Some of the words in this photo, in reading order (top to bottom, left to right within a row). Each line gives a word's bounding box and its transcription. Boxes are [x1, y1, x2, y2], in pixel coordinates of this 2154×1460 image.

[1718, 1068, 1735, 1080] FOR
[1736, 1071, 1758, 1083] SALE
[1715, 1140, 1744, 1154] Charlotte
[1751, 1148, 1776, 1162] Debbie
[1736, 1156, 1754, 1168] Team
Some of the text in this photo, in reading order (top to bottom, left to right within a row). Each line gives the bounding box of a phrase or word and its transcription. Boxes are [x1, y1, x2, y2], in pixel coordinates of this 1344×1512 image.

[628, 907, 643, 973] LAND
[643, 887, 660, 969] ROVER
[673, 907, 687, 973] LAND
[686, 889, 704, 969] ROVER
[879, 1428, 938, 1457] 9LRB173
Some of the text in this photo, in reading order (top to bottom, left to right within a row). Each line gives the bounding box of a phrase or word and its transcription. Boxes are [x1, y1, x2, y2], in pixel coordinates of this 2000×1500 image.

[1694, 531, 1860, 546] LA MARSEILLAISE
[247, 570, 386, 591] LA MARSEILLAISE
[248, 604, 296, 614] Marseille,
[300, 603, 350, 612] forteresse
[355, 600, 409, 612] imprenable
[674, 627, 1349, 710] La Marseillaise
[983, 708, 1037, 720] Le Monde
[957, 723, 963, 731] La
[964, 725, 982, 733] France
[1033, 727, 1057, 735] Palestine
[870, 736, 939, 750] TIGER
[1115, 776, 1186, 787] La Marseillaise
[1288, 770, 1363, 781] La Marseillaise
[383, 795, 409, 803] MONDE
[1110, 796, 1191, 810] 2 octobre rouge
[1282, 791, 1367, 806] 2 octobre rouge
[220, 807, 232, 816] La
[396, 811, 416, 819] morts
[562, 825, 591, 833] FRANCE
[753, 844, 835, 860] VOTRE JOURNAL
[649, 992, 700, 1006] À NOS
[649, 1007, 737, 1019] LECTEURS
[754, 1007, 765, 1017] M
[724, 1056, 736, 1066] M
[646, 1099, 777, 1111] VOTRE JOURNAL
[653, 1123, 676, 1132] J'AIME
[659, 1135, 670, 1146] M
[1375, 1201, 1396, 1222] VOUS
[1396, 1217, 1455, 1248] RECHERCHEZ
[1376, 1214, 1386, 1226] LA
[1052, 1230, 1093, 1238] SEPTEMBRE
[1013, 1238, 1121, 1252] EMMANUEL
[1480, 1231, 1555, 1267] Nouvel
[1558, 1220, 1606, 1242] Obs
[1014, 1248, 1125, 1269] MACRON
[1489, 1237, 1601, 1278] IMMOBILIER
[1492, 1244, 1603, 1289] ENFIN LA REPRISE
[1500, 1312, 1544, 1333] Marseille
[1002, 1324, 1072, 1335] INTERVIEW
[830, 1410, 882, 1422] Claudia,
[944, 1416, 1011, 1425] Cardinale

-----

## Required work
In full and without alteration, return the listing above.

## Exercise solution
Some of the words in this photo, in reading order (top to bottom, left to right within a row). Each line gives a word's bounding box and its transcription. Boxes are [x1, y1, x2, y2], in pixel coordinates of this 2154×1460 image.

[1718, 1068, 1735, 1080] FOR
[1736, 1071, 1758, 1083] SALE
[1715, 1140, 1744, 1154] Charlotte
[1751, 1148, 1776, 1162] Debbie
[1736, 1156, 1754, 1168] Team
Some of the text in this photo, in reading order (top to bottom, left to right within a row). Each line gives the bounding box of a phrase or word and its transcription. Boxes are [x1, y1, x2, y2], in pixel coordinates of this 1344×1512 image.

[628, 907, 643, 973] LAND
[643, 887, 660, 969] ROVER
[673, 907, 687, 973] LAND
[686, 889, 704, 969] ROVER
[879, 1428, 938, 1457] 9LRB173
Some of the text in this photo, in reading order (top to bottom, left to right within a row). Each line gives the bounding box of a phrase or word and its transcription. Boxes are [x1, y1, x2, y2], in pixel coordinates of this 2000×1500 image.

[1694, 531, 1860, 546] LA MARSEILLAISE
[247, 570, 386, 591] LA MARSEILLAISE
[248, 604, 296, 614] Marseille,
[300, 603, 350, 612] forteresse
[355, 600, 409, 612] imprenable
[674, 627, 1349, 710] La Marseillaise
[983, 708, 1037, 720] Le Monde
[957, 723, 963, 731] La
[964, 725, 982, 733] France
[1033, 727, 1057, 735] Palestine
[870, 736, 939, 750] TIGER
[1115, 776, 1186, 787] La Marseillaise
[1288, 770, 1363, 781] La Marseillaise
[383, 795, 409, 803] MONDE
[1110, 796, 1191, 810] 2 octobre rouge
[1282, 791, 1367, 806] 2 octobre rouge
[220, 807, 232, 816] La
[396, 811, 416, 819] morts
[562, 825, 591, 833] FRANCE
[753, 844, 835, 860] VOTRE JOURNAL
[649, 992, 700, 1006] À NOS
[649, 1007, 737, 1019] LECTEURS
[754, 1007, 765, 1017] M
[724, 1056, 736, 1066] M
[646, 1099, 777, 1111] VOTRE JOURNAL
[653, 1123, 676, 1132] J'AIME
[659, 1135, 670, 1146] M
[1375, 1201, 1396, 1222] VOUS
[1396, 1217, 1455, 1248] RECHERCHEZ
[1376, 1214, 1386, 1226] LA
[1052, 1230, 1093, 1238] SEPTEMBRE
[1013, 1238, 1121, 1252] EMMANUEL
[1480, 1231, 1555, 1267] Nouvel
[1558, 1220, 1606, 1242] Obs
[1014, 1248, 1125, 1269] MACRON
[1489, 1237, 1601, 1278] IMMOBILIER
[1492, 1244, 1603, 1289] ENFIN LA REPRISE
[1500, 1312, 1544, 1333] Marseille
[1002, 1324, 1072, 1335] INTERVIEW
[830, 1410, 882, 1422] Claudia,
[944, 1416, 1011, 1425] Cardinale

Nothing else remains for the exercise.